SS30: The Library of Babel: Uncovering knowledge in unstructured textual data to better understand the geography of innovation

Name and affiliations of the session organisers

  • Milad Abbasiharofteh (University of Groningen)
  • Zoltán Elekes (Centre for Economic and Regional Studies, Umeå University)
  • Rikard Eriksson (Umeå University)
  • Martin Henning (University of Gothenburg)


Large scale geography of innovation studies have usually relied on secondary data sources like patents, scientific publications, R&D projects, and administrative data (Bettencourt, Lobo, and Strumsky 2007; Lobo and Strumsky 2008; Strumsky and Lobo 2015; Breschi and Lenzi 2016; Balland et al. 2020; Janssen and Abbasiharofteh 2022; Simensen and Abbasiharofteh 2022). Now enhanced computational capacity, advancements in language modeling, and a wide range of available textual data on, among others, job postings, patent documents, web text, and trademark data, open up the possibility to engage with regional economic development, labor market dynamics, and geographies of knowledge production and knowledge relations in novel ways (Abbasiharofteh et al. 2023) 

While some studies have pioneered the use of textual data analysis in the context of Geography of Innovation research, such as analyzing the digital footprint of inter-firm linkages, Twitter data, and digitized historical newspaper archives (Abbasiharofteh, Kinne, and Krüger 2021; Ozgun and Broekel 2021; Peris, Meijers, and van Ham 2021), taking advantage of  unstructured textual data has just started taking momentum (e.g. Hu 2018). The aim of this special session is therefore to bring together researchers across the field of Geography of Innovation, broadly defined, to share their latest findings and to exchange experiences of using unstructured textual data and related techniques (e.g. natural language processing, machine learning) in applied research on Geography of Innovation and economic geography. 
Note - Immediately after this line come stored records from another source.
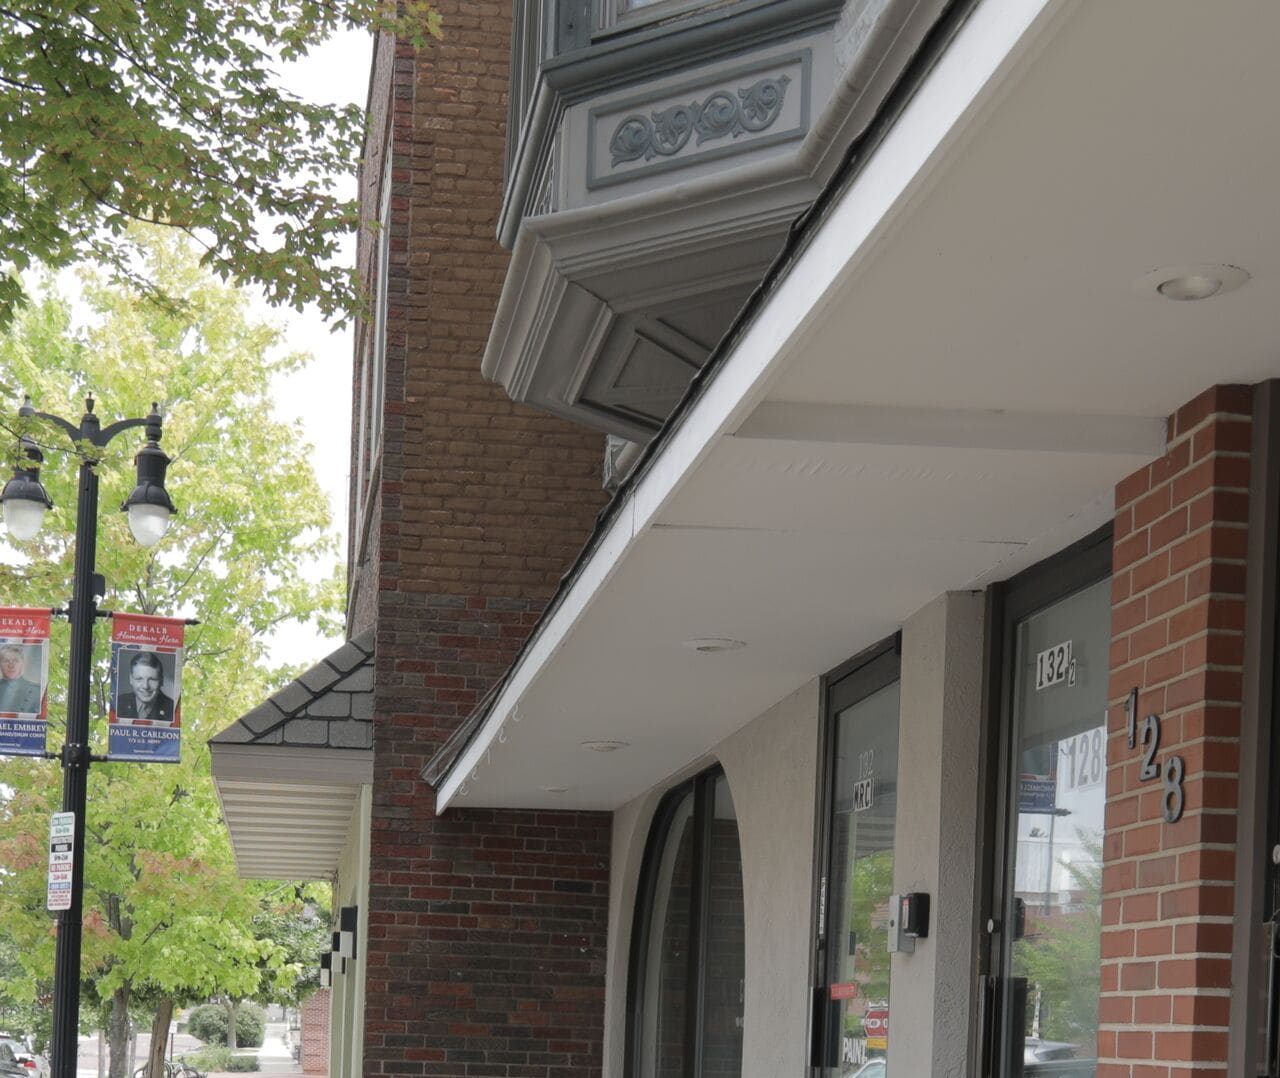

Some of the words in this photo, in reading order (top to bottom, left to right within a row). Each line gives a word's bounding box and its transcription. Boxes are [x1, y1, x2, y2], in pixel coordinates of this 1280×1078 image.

[129, 624, 168, 634] DEKALB
[13, 724, 47, 732] EMBREY
[110, 728, 131, 737] PAUL
[141, 730, 180, 739] CARLSON
[1068, 728, 1102, 790] 128
We encourage such contributions on a wide range of topics, including but not limited to the following: 

  • mapping and analyzing inter- and intra-firm, -city, and -regional networks using unstructured textual data, 
  • mapping the geography and evolution of skills using job posting data, 
  • geo-text mining  and the geographies of knowledge production, 
  • investigating unconventional data sources and methods for mapping the geographies of knowledge production and knowledge relations using large-scale textual data (e.g. news items and Twitter data),
  • developing new regional data using unstructured geo-text data and machine learning techniques (e.g. semantic analysis of patents and trademarks using natural language processing techniques), 
  • using historical textual data to map and analyze the rise and decline of innovative places (e.g. historical newspaper database), 
  • investigating the potential for machine learning techniques to support decision-making and planning for sustainable transitions at the regional scale, 
  • mapping and analyzing the diffusion of clean technologies and sustainable practices with novel data across different sectors and regions, and 
  • mining and analyzing the content of corporate websites as a source of unconventional data. 
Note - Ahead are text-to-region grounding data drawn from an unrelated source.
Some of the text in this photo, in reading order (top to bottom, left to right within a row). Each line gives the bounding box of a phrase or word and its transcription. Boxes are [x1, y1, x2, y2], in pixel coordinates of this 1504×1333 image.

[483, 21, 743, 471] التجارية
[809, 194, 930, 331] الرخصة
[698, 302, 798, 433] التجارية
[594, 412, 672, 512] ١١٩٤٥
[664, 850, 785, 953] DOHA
Abbasiharofteh, M., J. Kinne, and M. Krüger. 2021. The Strength of Weak and Strong Ties in Bridging Geographic and Cognitive Distances. Mannheim: ZEW Discussion Paper No. 21-049. 
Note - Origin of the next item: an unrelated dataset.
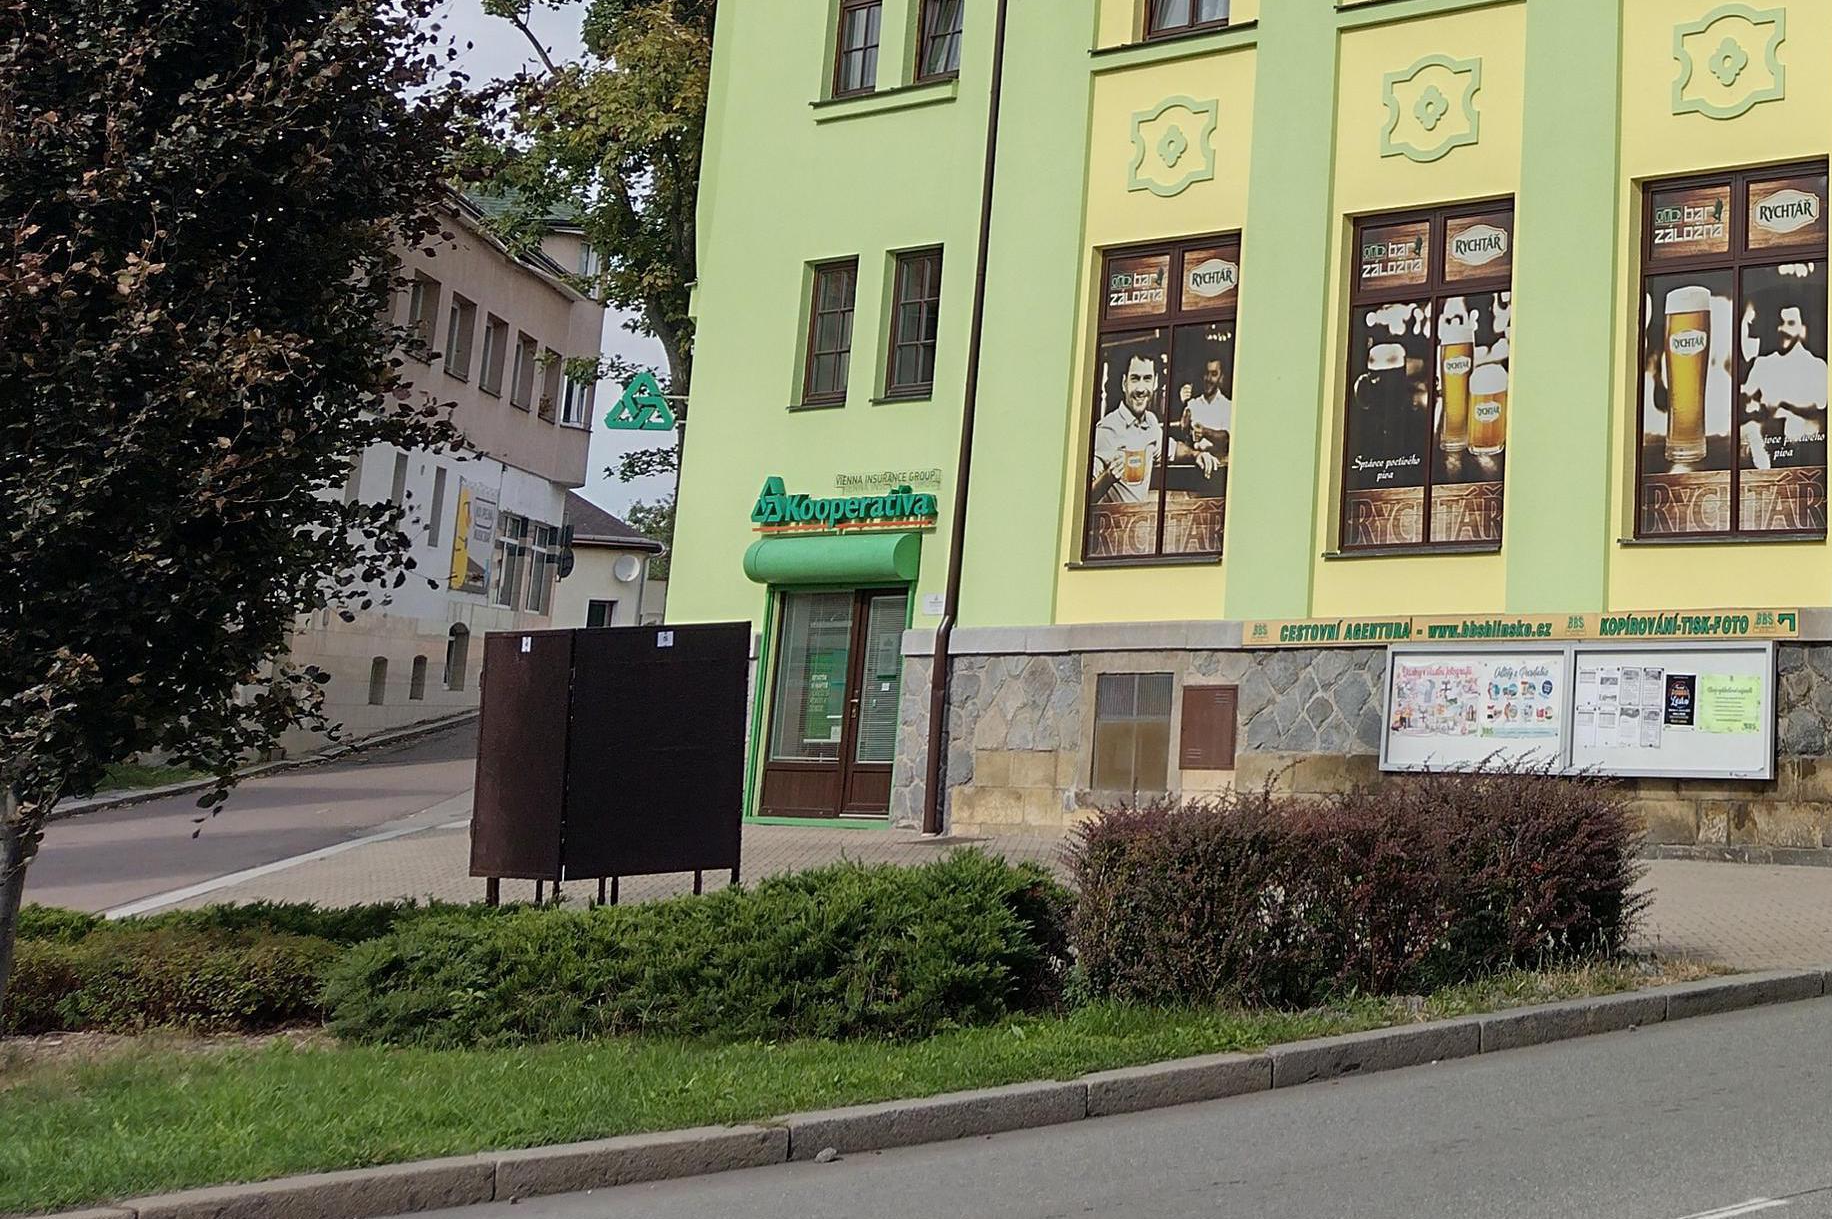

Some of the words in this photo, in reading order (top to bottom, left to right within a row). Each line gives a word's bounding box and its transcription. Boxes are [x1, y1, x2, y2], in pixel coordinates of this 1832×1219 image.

Abbasiharofteh, M., M. Krüger, J. Kinne, D. Lenz, and B. Resch. 2023. The Digital Layer: Alternative Data for Regional and Innovation Studies. Spatial Economic Analysis. 10.1080/17421772.2023.2193222. 

Balland, P.-A., C. Jara-Figueroa, S. G. Petralia, M. P. A. Steijn, D. L. Rigby, and C. A. Hidalgo. 2020. Complex economic activities concentrate in large cities. Nature human behaviour. 

Bettencourt, L. M.A., J. Lobo, and D. Strumsky. 2007. Invention in the city. Increasing returns to patenting as a scaling function of metropolitan size. Research Policy 36 (1):107–20. 

Breschi, S., and C. Lenzi. 2016. Co-invention networks and inventive productivity in US cities. Journal of Urban Economics 92:66–75. 

Hu, Y. 2018. Geo‐text data and data‐driven geospatial semantics. Geography Compass 12 (11):195. 

Janssen, M. J., and M. Abbasiharofteh. 2022. Boundary spanning R&D collaboration. Key enabling technologies and missions as alleviators of proximity effects? Technological Forecasting and Social Change 180 (7):121689. 

Lobo, J., and D. Strumsky. 2008. Metropolitan patenting, inventor agglomeration and social networks. A tale of two effects. Journal of Urban Economics 63 (3):871–84. 

Ozgun, B., and T. Broekel. 2021. The geography of innovation and technology news – An empirical study of the German news media. Technological Forecasting and Social Change 167 (6):120692. 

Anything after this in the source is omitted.